でも、あとから差分を見ると「そこまで変えてほしいわけではなかった」と感じることがありました。
それ以降は、なるべく具体的に書くようにしました。
- 変更してほしいファイル
- 触ってほしくない箇所
- 修正してほしい範囲
- 期待する動作
- 変更後に確認したいポイント
AIに自由度を与えすぎない。
これも今回学んだポイントです。
まとめ:AIは作業者、人間は判断者
CodexとGPTsを使うことで、Webアプリ開発のスピードはかなり上がりました。
ただ、実際にやってみると、AIにすべて任せればうまくいくという感じではありませんでした。

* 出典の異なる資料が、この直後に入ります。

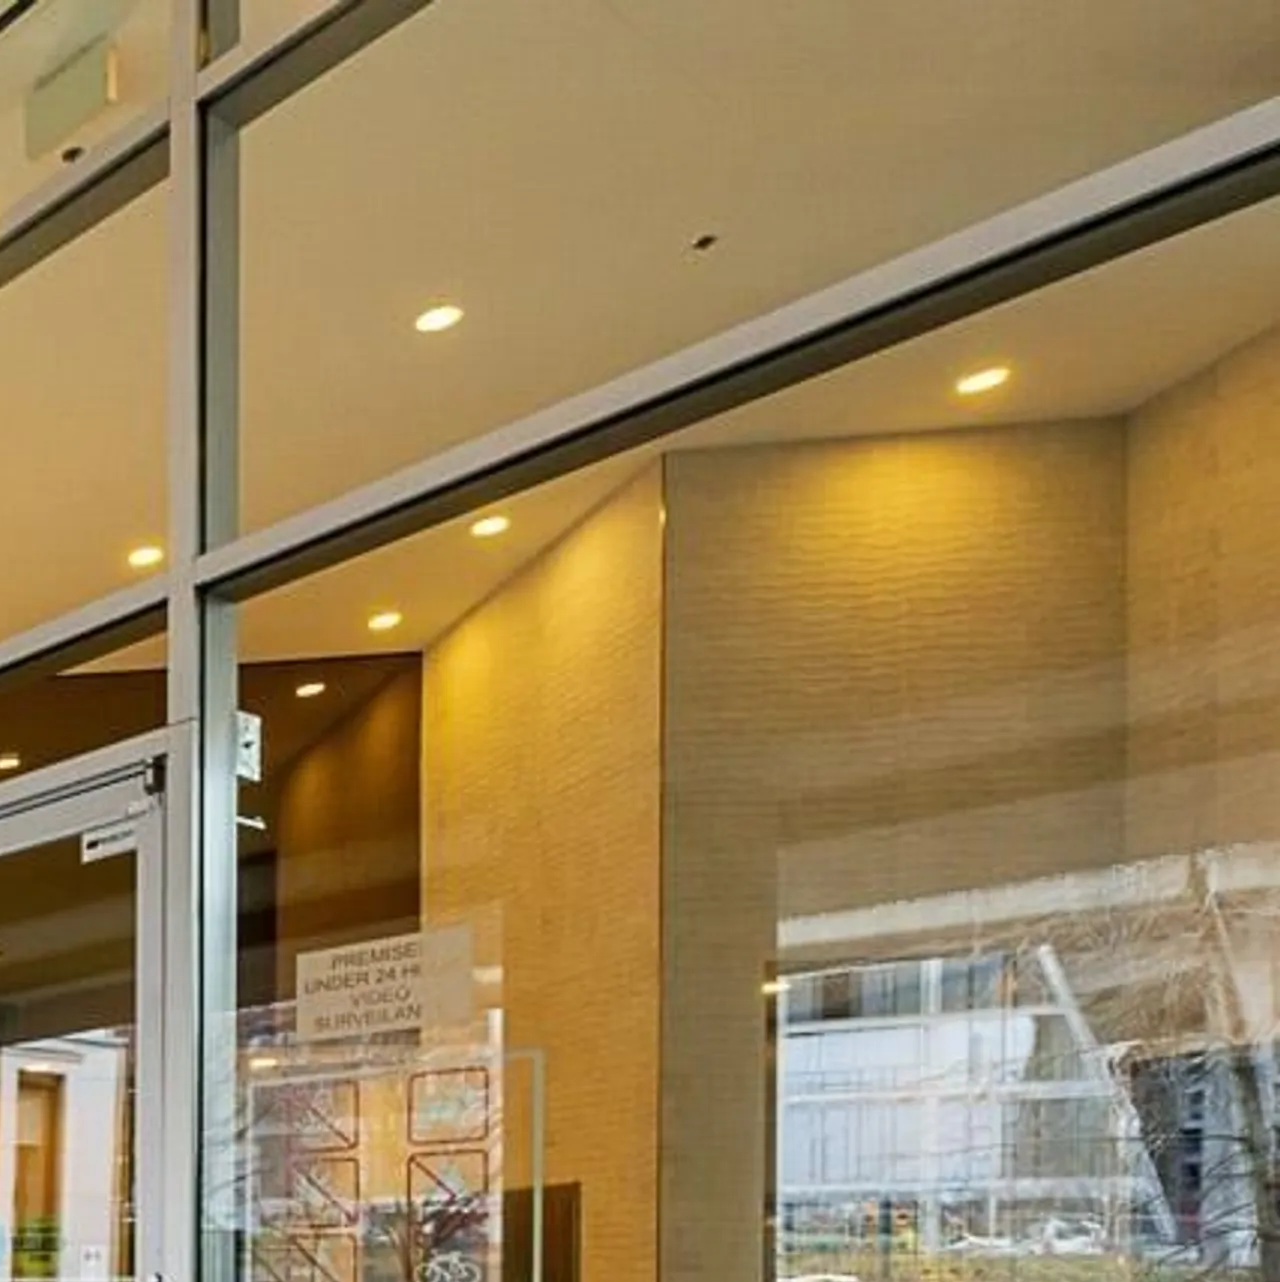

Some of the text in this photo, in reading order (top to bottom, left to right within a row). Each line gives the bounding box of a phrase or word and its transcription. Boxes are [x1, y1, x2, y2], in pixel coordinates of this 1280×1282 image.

[305, 970, 370, 994] UNDER
[376, 967, 396, 983] 24
[351, 985, 411, 1008] VIDEO

むしろ、AIを使うほど、人間が方向性を持っておくことが大事になります。
今回うまく回った流れは、次の形です。

この流れにしたことで、AIの回答をそのまま採用するのではなく、方向性を補正しながらWebアプリを作ることができました。
AIに丸投げしない。
でも、AIはしっかり使う。
今のところ、個人開発でAIを使うなら、このくらいの距離感がいちばん続けやすいと感じています。
次に試したいこと
最初は、「AIがコードを書く時代なら、人間は何をするんだろう」と思っていました。
ただ、実際にやってみると、必要だったのは「AIを使いこなすこと」だけではなく、AI同士の役割分担を設計することでした。
AIに全部任せるのではなく、AIごとに役割を分けながら、人間が方向性を持つ。
今後の個人開発では、この考え方がかなり重要になっていく気がしています。
次は、CodexとGPTsを使った開発で「どこまで設計書を作るべきか」や、「AIレビューの指摘をどう取捨選択するか」も試してみたいところです。